Assignment:
Each line from the one containing "Some of the text" through the last line of the data below should be printed exactly, please, with any pictures omitted.

Data:
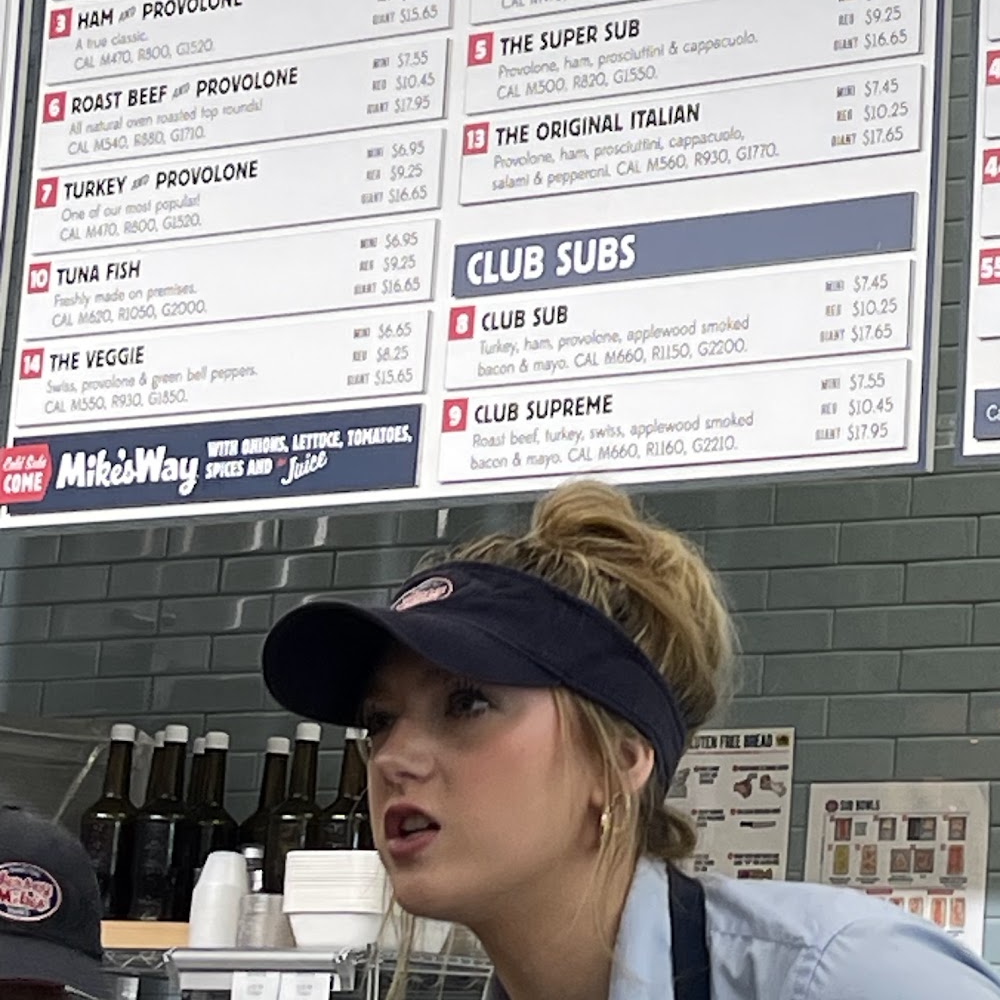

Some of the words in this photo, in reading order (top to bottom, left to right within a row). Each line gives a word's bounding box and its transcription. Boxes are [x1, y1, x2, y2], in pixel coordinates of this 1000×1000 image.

[55, 13, 66, 33] 3
[77, 8, 114, 30] HAM
[864, 4, 902, 26] $9.25
[474, 39, 487, 60] 5
[499, 33, 534, 56] THE
[539, 24, 598, 51] SUPER
[604, 18, 640, 42] SUB
[863, 28, 908, 50] $16.65
[48, 98, 60, 118] 6
[71, 90, 123, 114] ROAST
[127, 84, 168, 107] BEEF
[196, 66, 298, 98] PROVOLONE
[466, 128, 486, 150] 13
[495, 124, 530, 147] THE
[536, 113, 624, 141] ORIGINAL
[630, 102, 700, 130] ITALIAN
[41, 183, 53, 204] 7
[64, 175, 128, 200] TURKEY
[155, 159, 258, 190] PROVOLONE
[31, 268, 48, 289] 10
[56, 264, 100, 286] TUNA
[106, 259, 141, 281] FISH
[467, 244, 544, 284] CLUB
[556, 234, 636, 276] SUBS
[455, 313, 469, 335] 8
[481, 309, 526, 332] CLUB
[532, 305, 568, 328] SUB
[23, 354, 41, 375] 14
[49, 351, 80, 372] THE
[86, 345, 144, 369] VEGGIE
[849, 371, 886, 392] $7.55
[448, 405, 462, 427] 9
[474, 402, 519, 424] CLUB
[526, 394, 613, 421] SUPREME
[848, 396, 894, 417] $10.45
[847, 421, 889, 442] $17.95
[3, 472, 44, 493] COME
[204, 459, 243, 478] SPICES
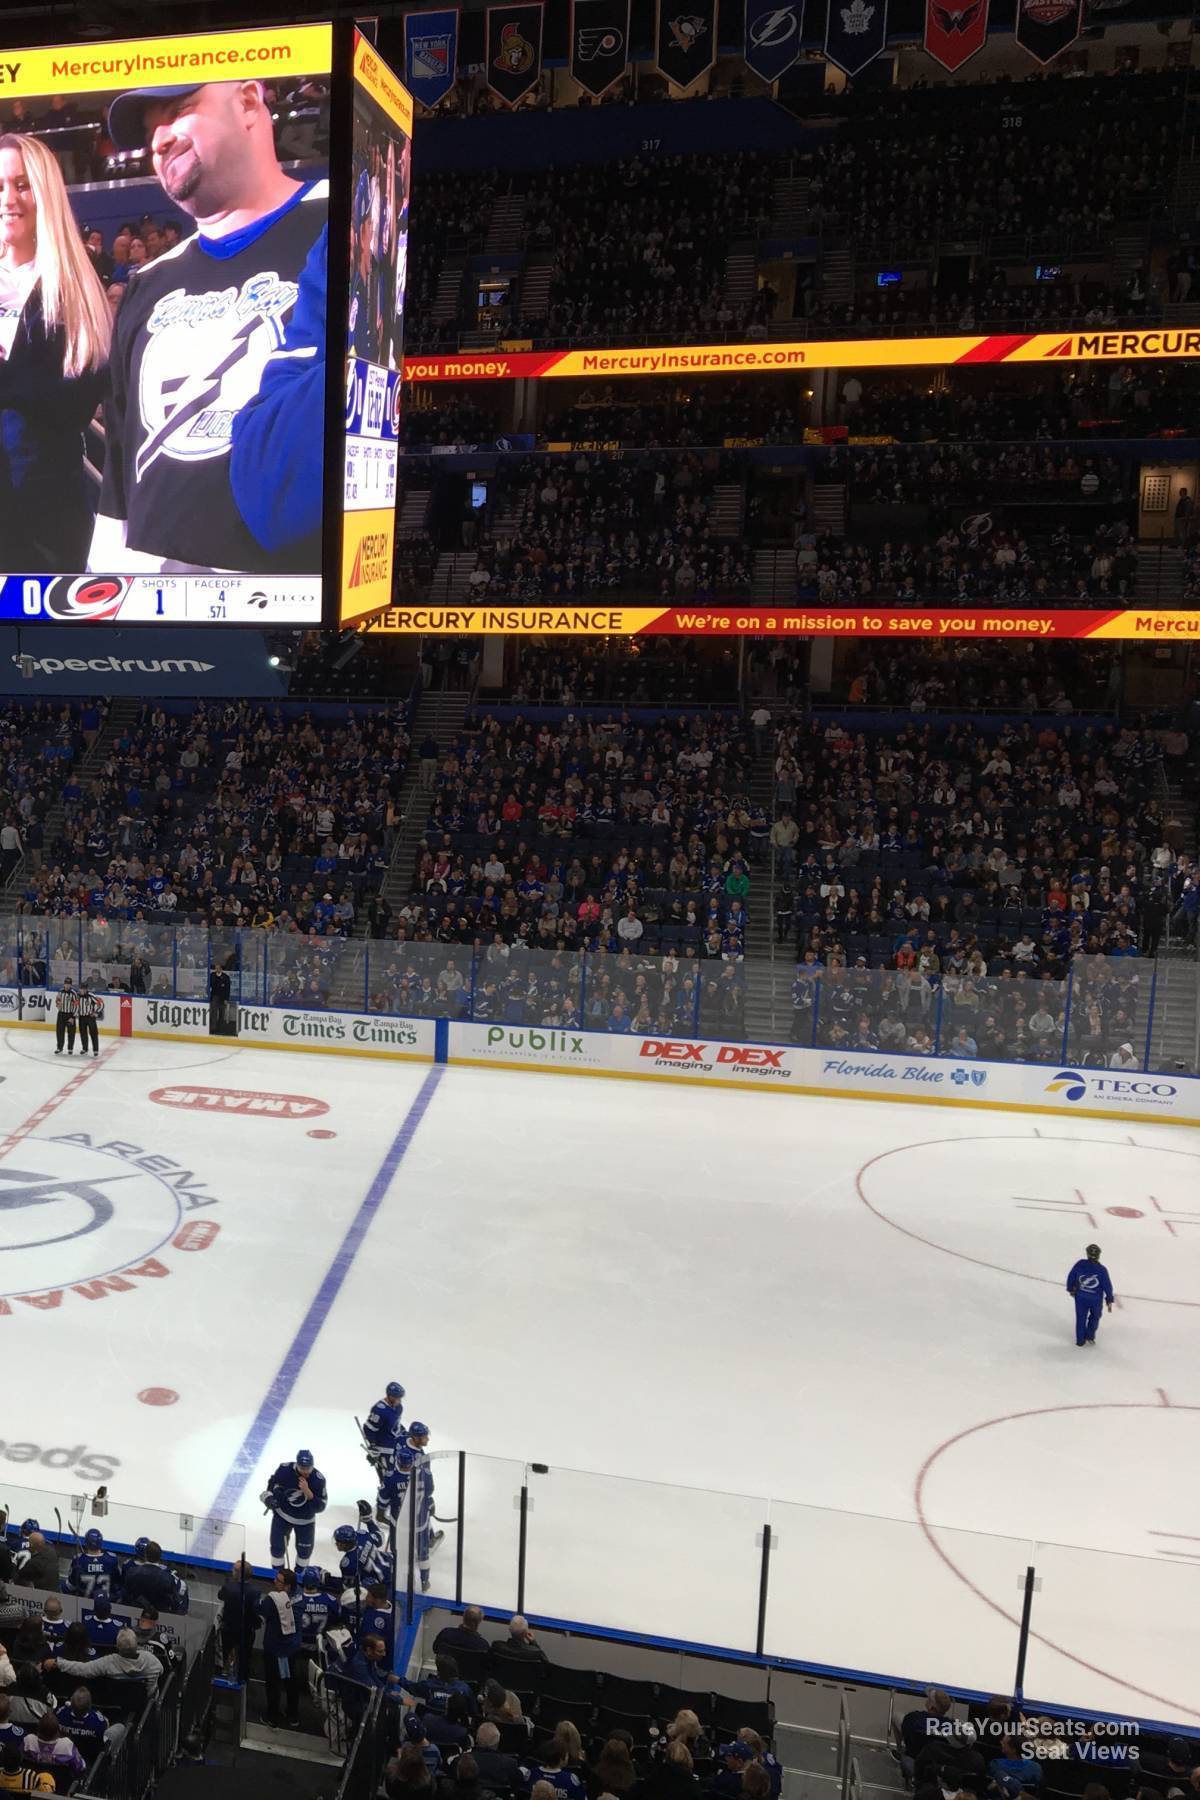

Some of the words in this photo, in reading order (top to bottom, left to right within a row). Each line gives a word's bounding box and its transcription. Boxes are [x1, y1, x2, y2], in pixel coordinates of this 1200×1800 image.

[52, 43, 292, 78] MercuryInsurance.com
[1002, 117, 1023, 128] 318
[405, 362, 440, 380] you
[444, 359, 511, 377] money.
[582, 350, 806, 371] MercuryInsurance.com
[142, 579, 177, 588] SHOTS
[194, 579, 242, 588] FACEOFF
[23, 579, 41, 615] 0
[155, 590, 165, 615] 1
[218, 591, 226, 603] 4
[481, 611, 623, 630] INSURANCE
[675, 613, 732, 629] We're
[736, 617, 760, 629] on
[765, 617, 777, 629] a
[783, 614, 857, 630] mission
[862, 616, 882, 630] to
[888, 618, 932, 631] save
[939, 618, 976, 635] you
[982, 618, 1056, 635] money.
[282, 1014, 347, 1039] Times
[303, 1013, 326, 1022] Tampa
[327, 1015, 343, 1025] Bay
[374, 1018, 398, 1028] Tampa
[399, 1022, 415, 1031] Bay
[352, 1020, 418, 1045] Times
[487, 1026, 585, 1053] Publix
[639, 1040, 710, 1061] DEX
[716, 1046, 787, 1068] DEX
[655, 1058, 713, 1072] imaging
[732, 1063, 792, 1079] imaging
[823, 1060, 897, 1080] Florida
[901, 1066, 945, 1083] Blue
[1090, 1077, 1177, 1097] TECO
[159, 1090, 320, 1116] AMALIE
[50, 1132, 220, 1212] ARENA
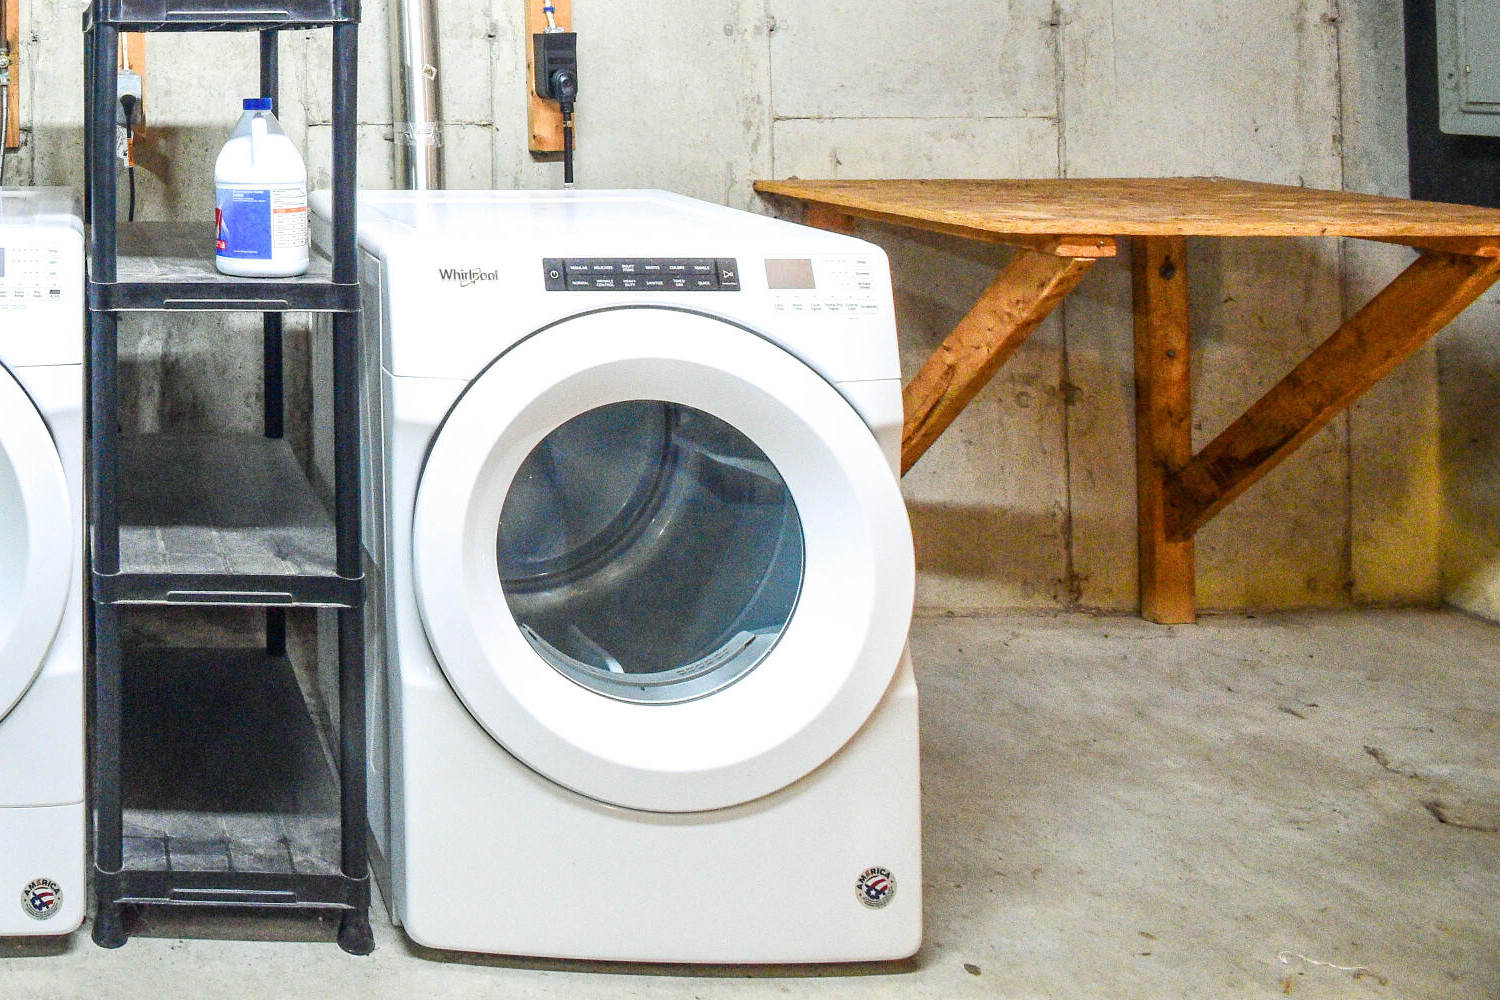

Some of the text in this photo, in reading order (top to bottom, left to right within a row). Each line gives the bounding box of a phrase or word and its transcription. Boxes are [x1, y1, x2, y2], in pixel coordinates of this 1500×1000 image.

[438, 267, 499, 285] Whirlpool
[24, 879, 60, 896] AMERICA
[856, 868, 891, 890] AMERICA
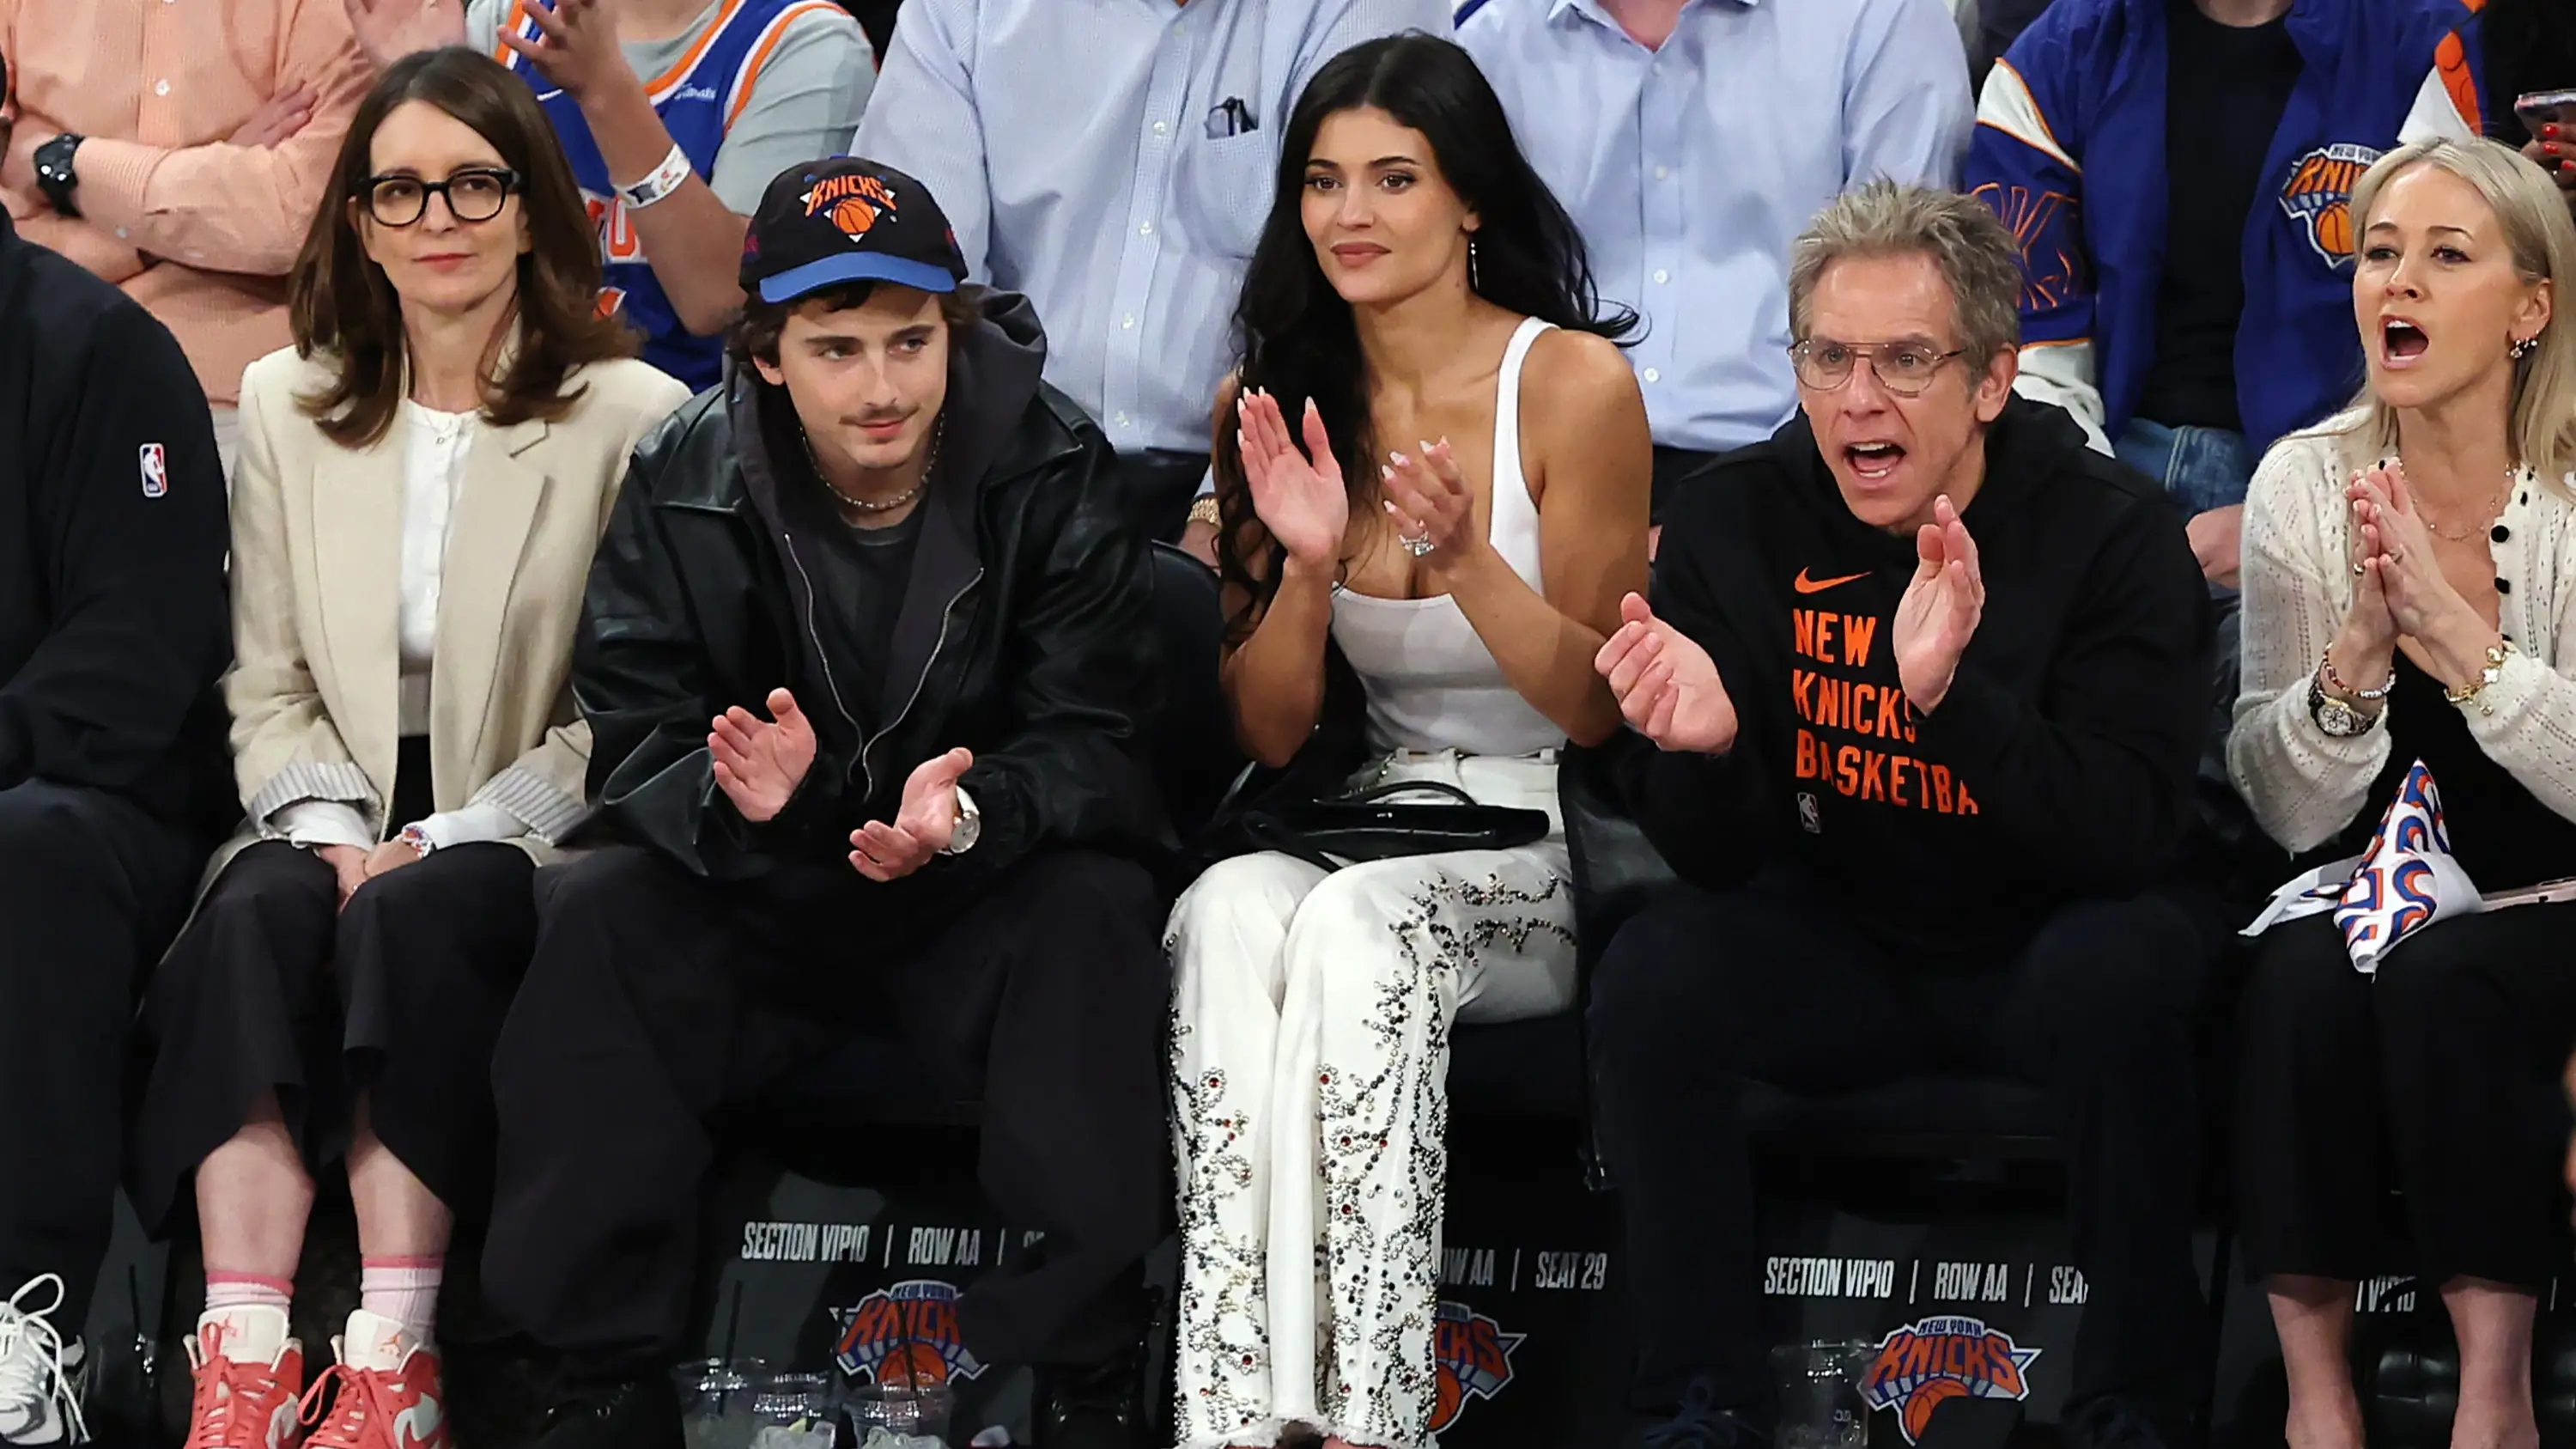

Worked solution:
Some of the text in this photo, in reading order (top to bottom, left to right within a row). Each line gives the bounding box of a phrase or word and its transcription. Boxes are [x1, y1, x2, y2], in pixel coordinates of this 1500×1000 image.

[438, 267, 499, 285] Whirlpool
[24, 879, 60, 896] AMERICA
[856, 868, 891, 890] AMERICA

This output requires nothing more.